Very little mention has been made on this forum about un-soldering.
While either fusing or soldering will join 2 or more parts, it is
common in jewelry making to need to un-solder various components.
Improper alignment, solder which flows too far between 2 wires or
parts, or even a change in design may mean parts have to be heated
with a torch and either moved or removed.

While Argentium sterling does have many virtues, primarily in the
fusing realm, trying to un-fuse or un-solder parts can be
catastrophic with Argentium. Separating two wires that have been
soldered often means a broken wire. Moving parts into final alignment
before solder flows can again lead to a fractured part. It is this
"hot short" quality of Argentium sterling which causes many

While the germanium is the “magic” ingredient which gives Argentium
sterling its fusing and fire-scale free properties, I am told by
professional metallurgists that too much germanium in the sterling
causes the fragility at heat, or “hot short” problems.
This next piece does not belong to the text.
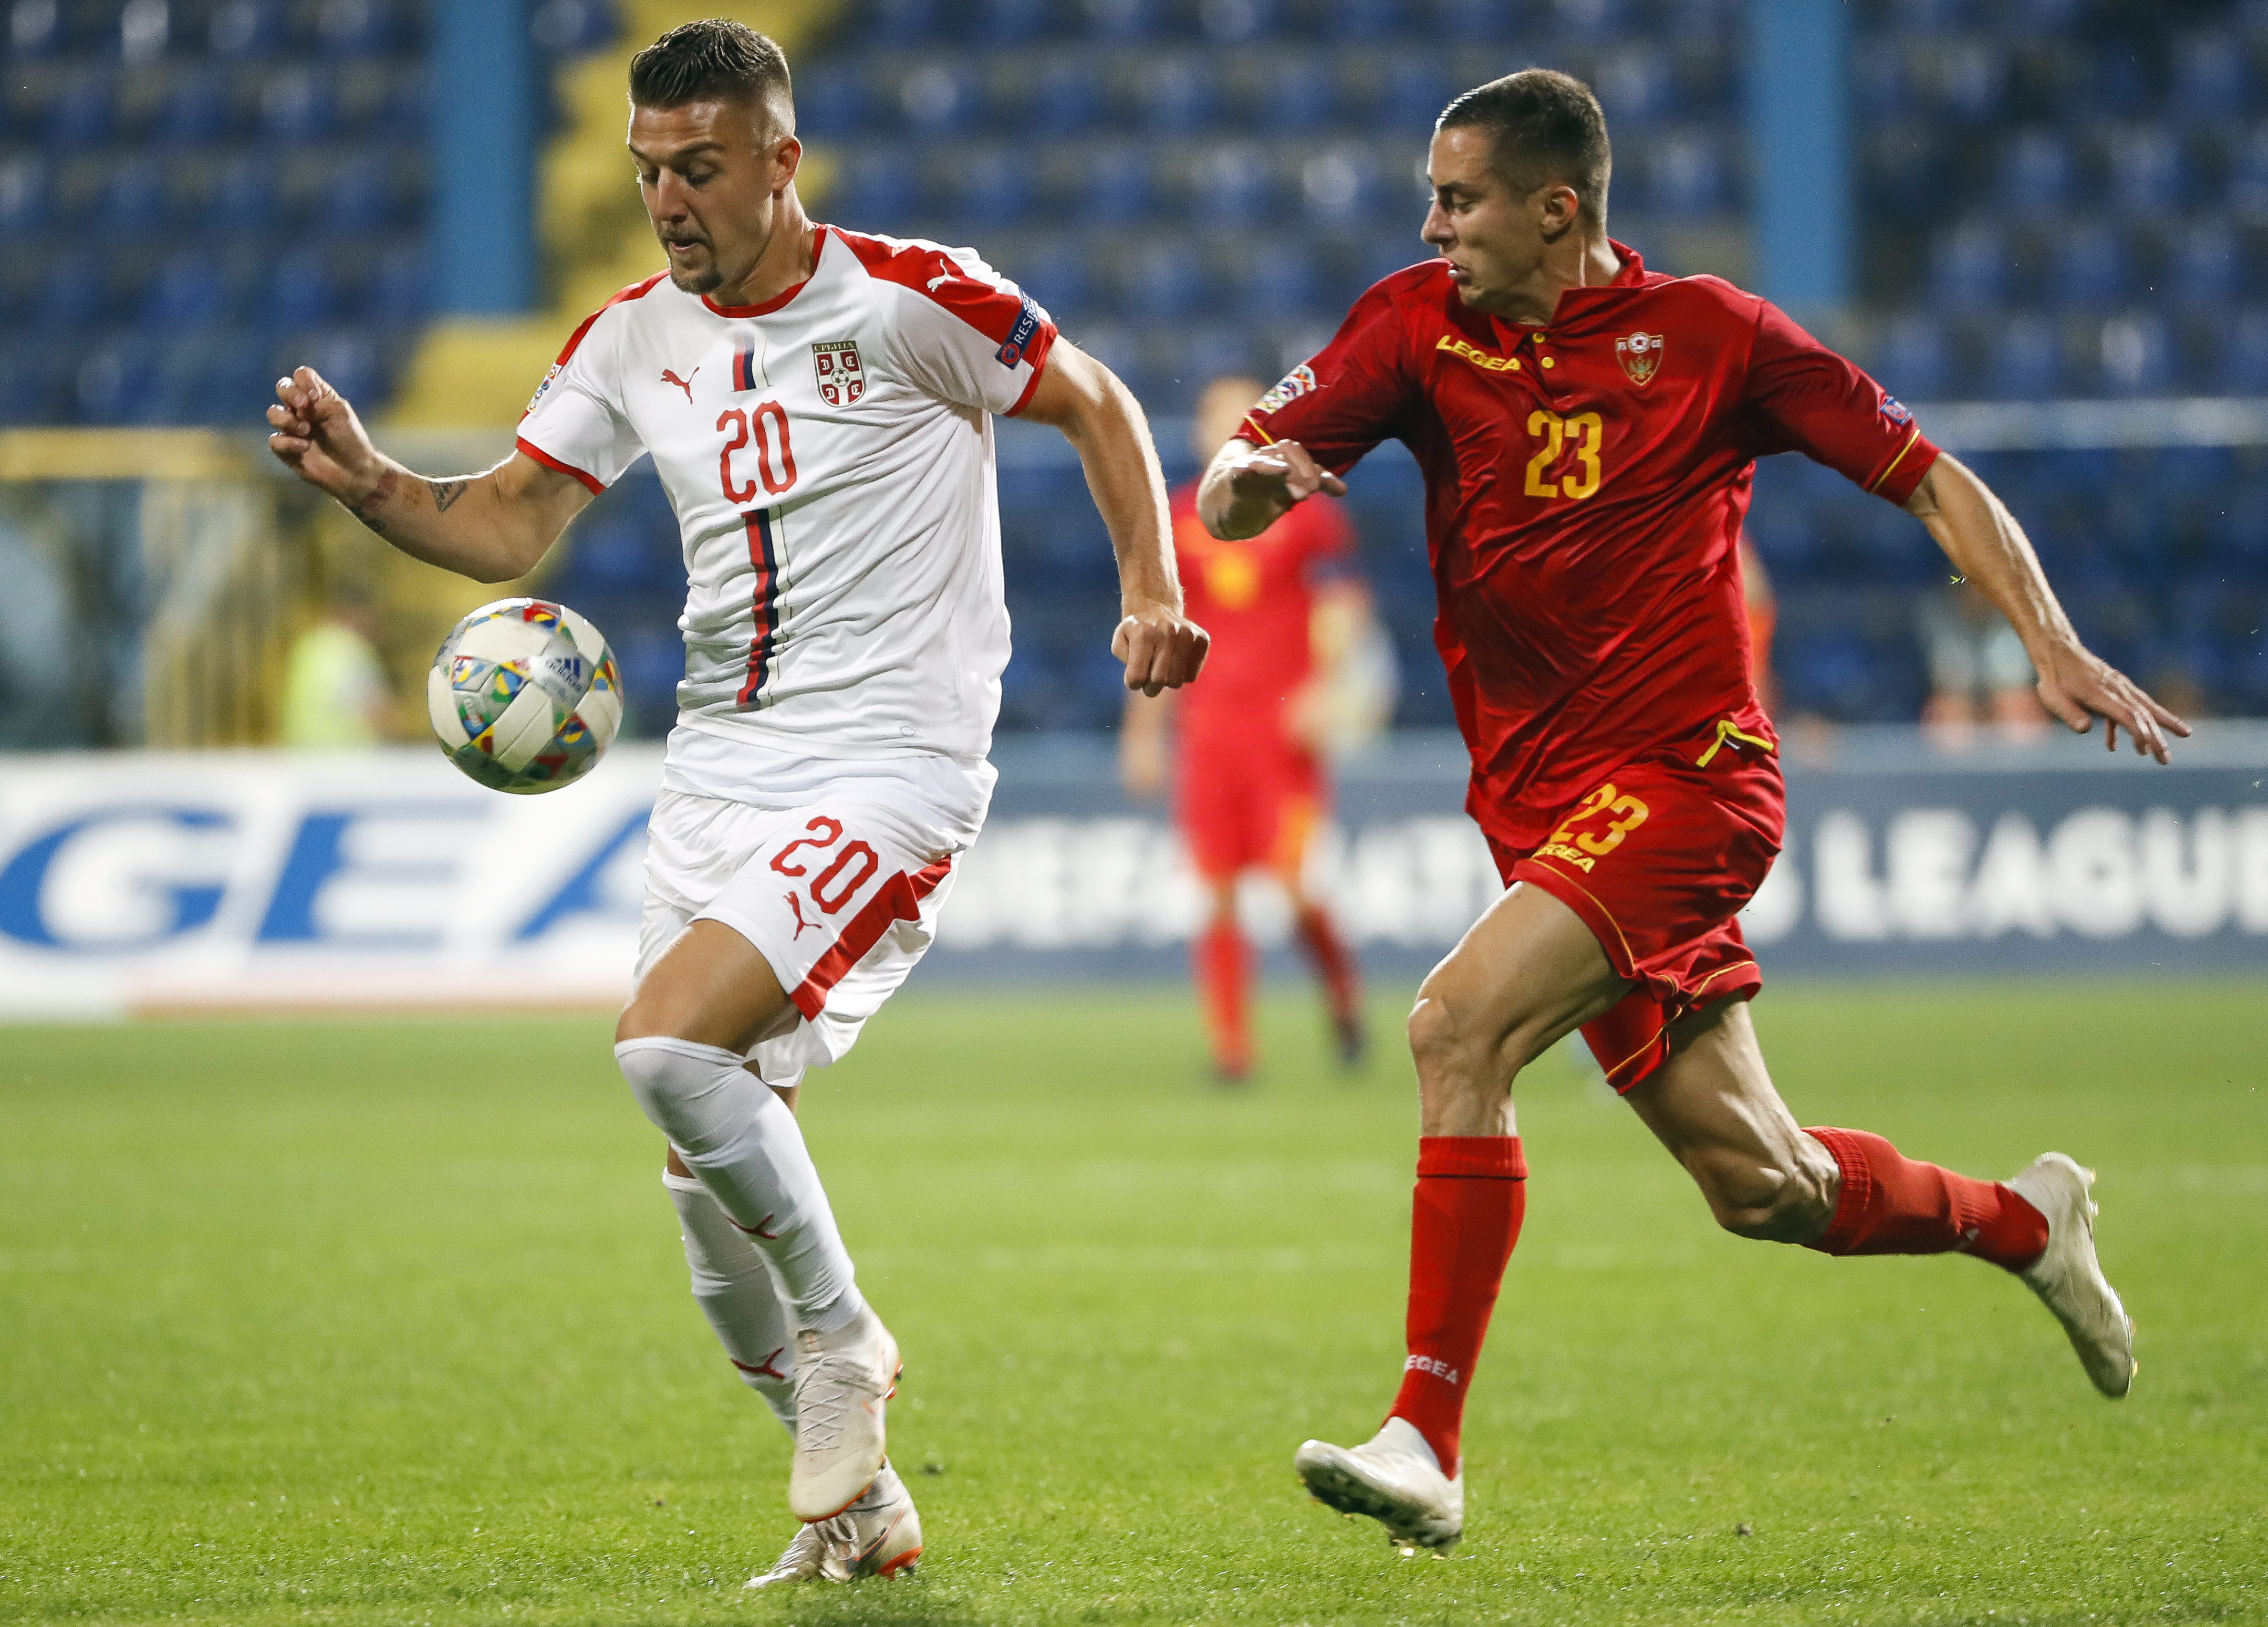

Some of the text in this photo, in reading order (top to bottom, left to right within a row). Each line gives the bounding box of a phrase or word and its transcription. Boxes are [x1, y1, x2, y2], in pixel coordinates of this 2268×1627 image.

Less
percentage of germanium, the metallurgists say, will still keep the
fire scale to a minimum, still allow for good fusing characteristics,
and no problems with metal brittleness when hot.

Why not look for a high-tech sterling which contains germanium, but
in a smaller percentage, which will avoid the “hot short” problems of

Jay Whaley

Hello Jay,

I see the problem you mentioned about unsoldering Argentium parts
for whatever reason… Actually this past week I was teaching a
class at Jewelry Studies Intl. on fabricating ring shanks and
soldering heavy bezels on to these ring shanks. Of course, some
students had problems with alignment so I had to show them how to
unsolder, and in other cases how to reposition the parts by heating
and moving them without taking them apart.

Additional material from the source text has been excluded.